Серега мгновение колебался, а потом твердо сказал:
— Да! Честно говоря, я до сих пор думал, что ты сгущаешь краски. Но…
Вот тебе и возвращение в отчий дом! Родительское гнездо, вершинное достижение в жизни моих стариков, местожительство, которое я ненавидел.
Н-да, ничего не попишешь, ведь мои родители — люди штучные. Мать — человек с принципами, а отец был с представлениями.
Эта малогабаритная двухкомнатная квартира в Северном Измайлове есть не просто жилище добропорядочных служивых советских интеллигентов — когда-то она была наградой, государственным даром за выдающиеся заслуги моего отца.

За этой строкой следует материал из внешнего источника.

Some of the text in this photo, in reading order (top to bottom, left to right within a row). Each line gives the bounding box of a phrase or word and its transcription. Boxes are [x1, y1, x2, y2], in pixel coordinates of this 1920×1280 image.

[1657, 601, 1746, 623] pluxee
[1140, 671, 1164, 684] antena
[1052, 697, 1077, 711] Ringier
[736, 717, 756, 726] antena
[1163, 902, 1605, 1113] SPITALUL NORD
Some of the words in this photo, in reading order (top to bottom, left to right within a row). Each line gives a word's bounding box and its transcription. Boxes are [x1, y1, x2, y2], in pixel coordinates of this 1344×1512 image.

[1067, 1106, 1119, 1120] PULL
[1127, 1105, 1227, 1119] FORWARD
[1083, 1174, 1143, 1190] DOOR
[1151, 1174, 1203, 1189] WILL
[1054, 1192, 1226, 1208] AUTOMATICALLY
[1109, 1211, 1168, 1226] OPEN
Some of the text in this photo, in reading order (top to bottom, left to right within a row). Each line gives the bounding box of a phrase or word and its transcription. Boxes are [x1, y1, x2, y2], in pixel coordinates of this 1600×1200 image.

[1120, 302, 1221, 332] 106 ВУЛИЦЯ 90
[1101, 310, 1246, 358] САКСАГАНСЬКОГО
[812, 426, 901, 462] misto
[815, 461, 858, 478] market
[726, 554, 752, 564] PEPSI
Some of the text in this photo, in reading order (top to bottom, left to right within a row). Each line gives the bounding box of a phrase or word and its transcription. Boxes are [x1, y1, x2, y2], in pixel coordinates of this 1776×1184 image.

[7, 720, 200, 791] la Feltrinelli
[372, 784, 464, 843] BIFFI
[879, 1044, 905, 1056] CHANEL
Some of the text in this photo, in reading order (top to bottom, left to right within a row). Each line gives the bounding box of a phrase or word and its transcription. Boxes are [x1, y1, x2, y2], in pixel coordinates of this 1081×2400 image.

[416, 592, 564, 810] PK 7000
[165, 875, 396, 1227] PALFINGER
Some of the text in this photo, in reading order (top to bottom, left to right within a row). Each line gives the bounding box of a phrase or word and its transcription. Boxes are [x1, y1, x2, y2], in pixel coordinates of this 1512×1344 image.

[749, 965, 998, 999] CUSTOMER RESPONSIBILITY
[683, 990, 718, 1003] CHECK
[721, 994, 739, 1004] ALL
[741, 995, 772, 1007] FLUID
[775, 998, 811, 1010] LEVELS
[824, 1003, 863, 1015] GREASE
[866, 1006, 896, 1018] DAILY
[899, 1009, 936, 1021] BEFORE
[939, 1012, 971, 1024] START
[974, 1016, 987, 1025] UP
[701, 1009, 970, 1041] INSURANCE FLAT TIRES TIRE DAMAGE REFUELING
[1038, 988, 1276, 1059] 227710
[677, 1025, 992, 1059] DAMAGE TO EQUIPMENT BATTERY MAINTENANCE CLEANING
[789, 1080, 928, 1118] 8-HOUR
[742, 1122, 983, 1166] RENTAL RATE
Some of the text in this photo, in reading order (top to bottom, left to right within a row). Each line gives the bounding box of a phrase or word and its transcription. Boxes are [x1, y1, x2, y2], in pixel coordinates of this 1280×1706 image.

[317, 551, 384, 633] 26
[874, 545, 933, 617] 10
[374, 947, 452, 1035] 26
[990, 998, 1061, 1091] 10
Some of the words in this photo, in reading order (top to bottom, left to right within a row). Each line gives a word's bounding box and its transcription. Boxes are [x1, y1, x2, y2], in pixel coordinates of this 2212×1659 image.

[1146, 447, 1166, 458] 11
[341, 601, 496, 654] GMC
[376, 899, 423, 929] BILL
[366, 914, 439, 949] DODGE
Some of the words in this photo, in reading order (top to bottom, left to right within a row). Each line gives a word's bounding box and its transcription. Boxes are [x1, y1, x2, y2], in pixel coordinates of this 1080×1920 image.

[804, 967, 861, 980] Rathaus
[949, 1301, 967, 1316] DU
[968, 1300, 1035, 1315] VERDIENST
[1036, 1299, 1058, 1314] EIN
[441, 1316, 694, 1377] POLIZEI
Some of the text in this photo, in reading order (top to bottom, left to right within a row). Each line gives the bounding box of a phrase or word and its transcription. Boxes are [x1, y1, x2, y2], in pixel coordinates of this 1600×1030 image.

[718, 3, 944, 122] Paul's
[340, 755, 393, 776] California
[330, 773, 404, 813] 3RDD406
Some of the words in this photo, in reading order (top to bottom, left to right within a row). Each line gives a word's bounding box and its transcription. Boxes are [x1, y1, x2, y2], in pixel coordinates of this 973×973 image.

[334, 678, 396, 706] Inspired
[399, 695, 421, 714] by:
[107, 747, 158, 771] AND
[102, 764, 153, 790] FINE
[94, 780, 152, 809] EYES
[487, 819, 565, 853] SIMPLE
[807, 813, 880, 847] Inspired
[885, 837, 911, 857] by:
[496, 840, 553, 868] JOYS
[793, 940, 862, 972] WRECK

Четверть века назад почтовый ящик, в котором он служил конструктором, зафигачил в космос какой-то невероятно хитрый пердячий снаряд — мол, оттель грозить мы будем шведам, американцам, сионистам и всей остальной враждебной нечисти. А может быть, и не грозить, а шпионски подсматривать, не влияет, — работу высоко оценили партия и правительство. На институт пришла поощрительная разнарядка наград: на усмотрение начальства надо было составить в пределах выделенной квоты список учрежденческих героев — кому ордена, кому госпремию, а кому жилье.
Отец, проживший всю жизнь с твердым представлением, что интеллигент не может ни у кого ничего просить, мучаясь от унижения и стыда за свое недостойное поведение, пошел к директору их закрытого института — матерому советскому академику в генеральских штанах, и, ненавидя власть, презирая себя, выпросил эту квартиру. До этого мы жили втроем в роскошной комнате площадью 8 квадратных метров в «одноэтажном строении коридорного типа» — попросту говоря, в бараке на восемнадцать семей. Когда я немного подрос, отец соорудил для меня полати — подвесную откидную койку, как полки в бесплацкартном купе. Это позволило втиснуть в комнату дамскую туалетную тумбочку, которую отец использовал для работы как письменный стол.
Зная, что отец никогда не станет торговаться, спорить и скандалить, институтские жуки-хозяйственники впарили ему вместо новой квартиры вот эту — «за выселением предыдущих жильцов».
Обычная хрущевская «распашонка», в большую комнату — целых 17,5 метра — выходили двери из прихожей, санузла и крошечной кухни. И запроходная спальня — 13,7 метра.